Entries provided:
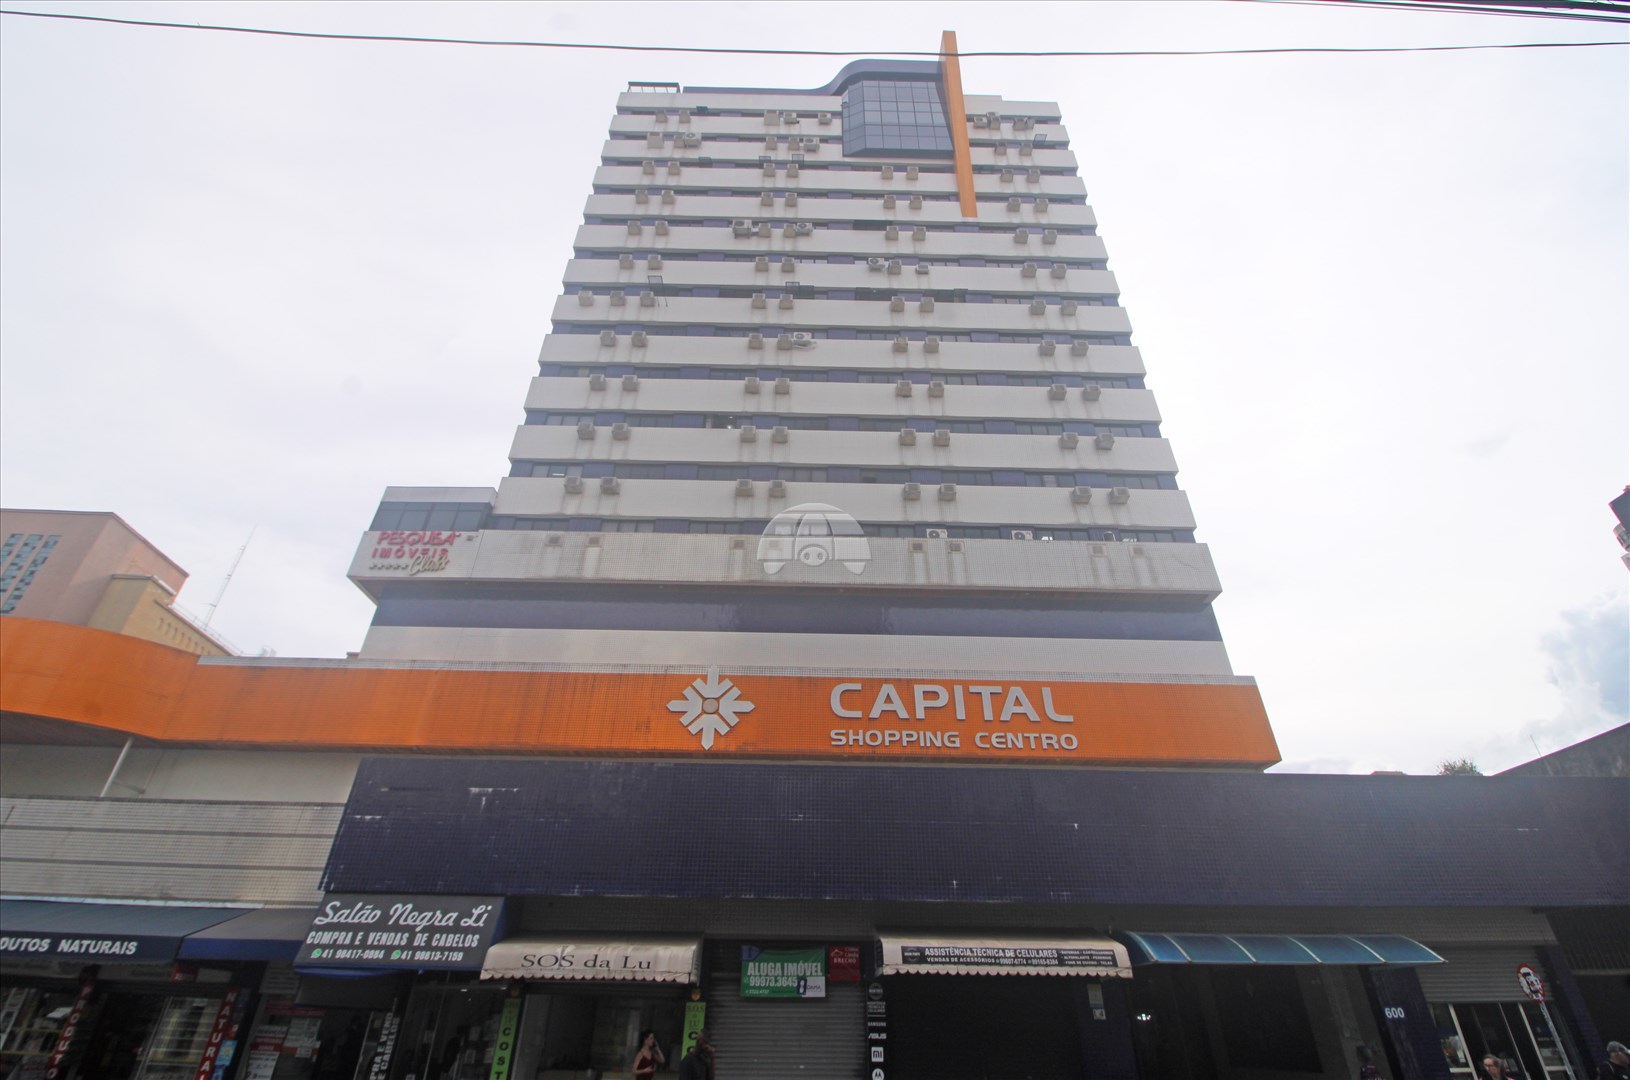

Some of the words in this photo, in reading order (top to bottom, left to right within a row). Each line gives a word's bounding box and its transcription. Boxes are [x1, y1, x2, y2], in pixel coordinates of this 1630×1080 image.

[830, 682, 1075, 723] CAPITAL
[829, 729, 961, 748] SHOPPING
[974, 731, 1079, 750] CENTRO
[313, 901, 382, 926] Salão
[388, 903, 459, 932] Negra
[460, 905, 493, 927] Li
[57, 938, 139, 955] NATURAIS
[306, 931, 353, 945] COMPRA
[354, 932, 364, 945] E
[366, 932, 409, 946] VENDAS
[413, 933, 428, 947] DE
[431, 933, 480, 948] CABELOS
[321, 949, 334, 959] 41
[400, 950, 413, 960] 41
[924, 946, 972, 957] ASSISTÊNCIA
[972, 947, 1004, 958] TÉCNICA
[1004, 949, 1015, 958] DE
[1016, 949, 1058, 958] CELULARES
[521, 954, 575, 968] SOS
[583, 954, 610, 969] da
[622, 955, 651, 969] Lu
[747, 963, 782, 975] ALUGA
[784, 960, 822, 976] IMÓVEL
[1384, 1007, 1405, 1018] 600
[494, 1026, 512, 1080] COST

What is being asked: Restate every line above exactly, omitting images.

Solved problem:
Some of the words in this photo, in reading order (top to bottom, left to right within a row). Each line gives a word's bounding box and its transcription. Boxes are [x1, y1, x2, y2], in pixel coordinates of this 1630×1080 image.

[830, 682, 1075, 723] CAPITAL
[829, 729, 961, 748] SHOPPING
[974, 731, 1079, 750] CENTRO
[313, 901, 382, 926] Salão
[388, 903, 459, 932] Negra
[460, 905, 493, 927] Li
[57, 938, 139, 955] NATURAIS
[306, 931, 353, 945] COMPRA
[354, 932, 364, 945] E
[366, 932, 409, 946] VENDAS
[413, 933, 428, 947] DE
[431, 933, 480, 948] CABELOS
[321, 949, 334, 959] 41
[400, 950, 413, 960] 41
[924, 946, 972, 957] ASSISTÊNCIA
[972, 947, 1004, 958] TÉCNICA
[1004, 949, 1015, 958] DE
[1016, 949, 1058, 958] CELULARES
[521, 954, 575, 968] SOS
[583, 954, 610, 969] da
[622, 955, 651, 969] Lu
[747, 963, 782, 975] ALUGA
[784, 960, 822, 976] IMÓVEL
[1384, 1007, 1405, 1018] 600
[494, 1026, 512, 1080] COST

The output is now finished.